**WORK ITEM**
Without the pictures, write out every entry that follows exactly.

**DATA FOR ANALYSIS**
# # # # #

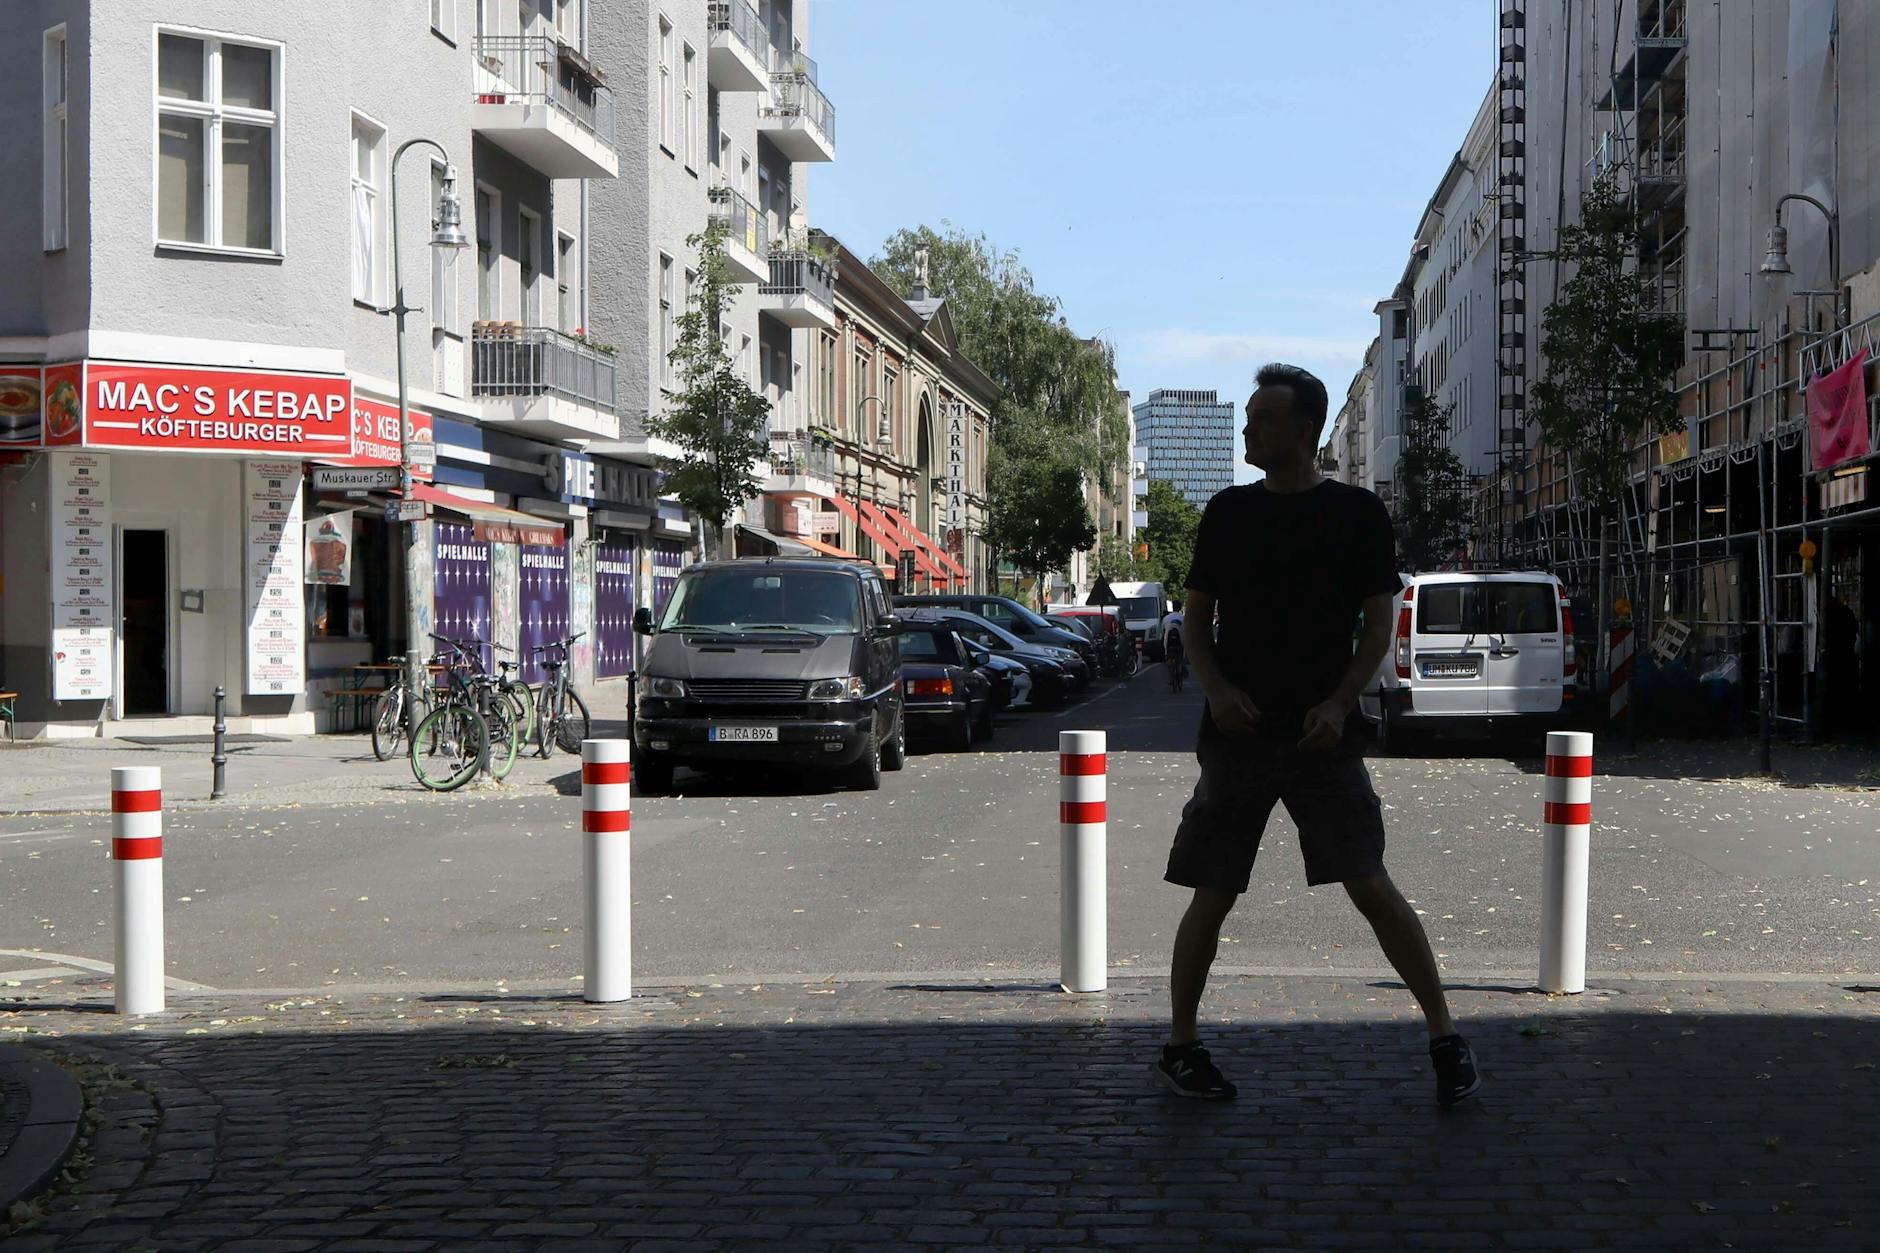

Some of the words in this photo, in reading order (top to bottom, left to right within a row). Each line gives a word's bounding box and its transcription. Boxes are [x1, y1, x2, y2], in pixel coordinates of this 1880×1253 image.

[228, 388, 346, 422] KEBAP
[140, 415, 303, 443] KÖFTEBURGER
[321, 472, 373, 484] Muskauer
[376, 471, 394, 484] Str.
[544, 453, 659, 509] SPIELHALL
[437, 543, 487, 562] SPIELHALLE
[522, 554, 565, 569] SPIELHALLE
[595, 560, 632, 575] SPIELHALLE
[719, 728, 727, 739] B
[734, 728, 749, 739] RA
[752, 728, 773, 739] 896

# # # # #

**FINAL ANSWER**
Some of the words in this photo, in reading order (top to bottom, left to right within a row). Each line gives a word's bounding box and its transcription. Boxes are [x1, y1, x2, y2], in pixel coordinates of this 1880×1253 image.

[228, 388, 346, 422] KEBAP
[140, 415, 303, 443] KÖFTEBURGER
[321, 472, 373, 484] Muskauer
[376, 471, 394, 484] Str.
[544, 453, 659, 509] SPIELHALL
[437, 543, 487, 562] SPIELHALLE
[522, 554, 565, 569] SPIELHALLE
[595, 560, 632, 575] SPIELHALLE
[719, 728, 727, 739] B
[734, 728, 749, 739] RA
[752, 728, 773, 739] 896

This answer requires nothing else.